> [TASK REQUIREMENTS] The expected output is the data below, restated word for word.

> [EXERCISE MATERIALS]
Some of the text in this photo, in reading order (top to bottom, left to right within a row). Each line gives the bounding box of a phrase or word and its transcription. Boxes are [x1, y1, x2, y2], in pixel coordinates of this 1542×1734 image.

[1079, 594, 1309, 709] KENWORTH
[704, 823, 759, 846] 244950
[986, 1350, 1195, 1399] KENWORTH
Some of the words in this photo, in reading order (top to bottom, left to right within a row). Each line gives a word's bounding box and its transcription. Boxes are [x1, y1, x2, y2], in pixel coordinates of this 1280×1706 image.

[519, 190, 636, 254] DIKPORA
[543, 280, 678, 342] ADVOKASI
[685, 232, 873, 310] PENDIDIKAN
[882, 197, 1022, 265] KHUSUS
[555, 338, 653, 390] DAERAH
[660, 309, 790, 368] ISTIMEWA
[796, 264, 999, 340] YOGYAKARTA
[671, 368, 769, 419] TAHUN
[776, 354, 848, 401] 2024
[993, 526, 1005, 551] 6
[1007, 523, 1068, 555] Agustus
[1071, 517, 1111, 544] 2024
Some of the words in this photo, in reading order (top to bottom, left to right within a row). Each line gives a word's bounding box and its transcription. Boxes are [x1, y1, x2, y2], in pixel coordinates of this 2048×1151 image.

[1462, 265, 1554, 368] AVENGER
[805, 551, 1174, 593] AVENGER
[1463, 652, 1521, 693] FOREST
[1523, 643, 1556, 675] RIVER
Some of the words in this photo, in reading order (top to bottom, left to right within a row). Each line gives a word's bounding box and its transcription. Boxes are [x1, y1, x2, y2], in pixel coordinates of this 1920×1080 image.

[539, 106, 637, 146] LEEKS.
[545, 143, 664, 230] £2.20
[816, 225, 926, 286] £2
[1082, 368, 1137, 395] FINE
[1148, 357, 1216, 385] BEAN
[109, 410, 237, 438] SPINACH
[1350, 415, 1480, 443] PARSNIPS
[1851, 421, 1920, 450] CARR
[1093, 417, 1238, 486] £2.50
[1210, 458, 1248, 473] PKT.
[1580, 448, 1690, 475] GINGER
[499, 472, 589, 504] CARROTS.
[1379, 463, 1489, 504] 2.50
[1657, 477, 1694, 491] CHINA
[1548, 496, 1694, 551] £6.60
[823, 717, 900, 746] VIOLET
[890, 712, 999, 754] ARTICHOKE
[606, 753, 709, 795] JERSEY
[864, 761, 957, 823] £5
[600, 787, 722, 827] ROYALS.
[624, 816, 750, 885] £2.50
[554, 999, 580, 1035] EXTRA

> [EXERCISE SOLUTION]
Some of the text in this photo, in reading order (top to bottom, left to right within a row). Each line gives the bounding box of a phrase or word and its transcription. Boxes are [x1, y1, x2, y2], in pixel coordinates of this 1542×1734 image.

[1079, 594, 1309, 709] KENWORTH
[704, 823, 759, 846] 244950
[986, 1350, 1195, 1399] KENWORTH
Some of the words in this photo, in reading order (top to bottom, left to right within a row). Each line gives a word's bounding box and its transcription. Boxes are [x1, y1, x2, y2], in pixel coordinates of this 1280×1706 image.

[519, 190, 636, 254] DIKPORA
[543, 280, 678, 342] ADVOKASI
[685, 232, 873, 310] PENDIDIKAN
[882, 197, 1022, 265] KHUSUS
[555, 338, 653, 390] DAERAH
[660, 309, 790, 368] ISTIMEWA
[796, 264, 999, 340] YOGYAKARTA
[671, 368, 769, 419] TAHUN
[776, 354, 848, 401] 2024
[993, 526, 1005, 551] 6
[1007, 523, 1068, 555] Agustus
[1071, 517, 1111, 544] 2024
Some of the words in this photo, in reading order (top to bottom, left to right within a row). Each line gives a word's bounding box and its transcription. Boxes are [x1, y1, x2, y2], in pixel coordinates of this 2048×1151 image.

[1462, 265, 1554, 368] AVENGER
[805, 551, 1174, 593] AVENGER
[1463, 652, 1521, 693] FOREST
[1523, 643, 1556, 675] RIVER
Some of the words in this photo, in reading order (top to bottom, left to right within a row). Each line gives a word's bounding box and its transcription. Boxes are [x1, y1, x2, y2], in pixel coordinates of this 1920×1080 image.

[539, 106, 637, 146] LEEKS.
[545, 143, 664, 230] £2.20
[816, 225, 926, 286] £2
[1082, 368, 1137, 395] FINE
[1148, 357, 1216, 385] BEAN
[109, 410, 237, 438] SPINACH
[1350, 415, 1480, 443] PARSNIPS
[1851, 421, 1920, 450] CARR
[1093, 417, 1238, 486] £2.50
[1210, 458, 1248, 473] PKT.
[1580, 448, 1690, 475] GINGER
[499, 472, 589, 504] CARROTS.
[1379, 463, 1489, 504] 2.50
[1657, 477, 1694, 491] CHINA
[1548, 496, 1694, 551] £6.60
[823, 717, 900, 746] VIOLET
[890, 712, 999, 754] ARTICHOKE
[606, 753, 709, 795] JERSEY
[864, 761, 957, 823] £5
[600, 787, 722, 827] ROYALS.
[624, 816, 750, 885] £2.50
[554, 999, 580, 1035] EXTRA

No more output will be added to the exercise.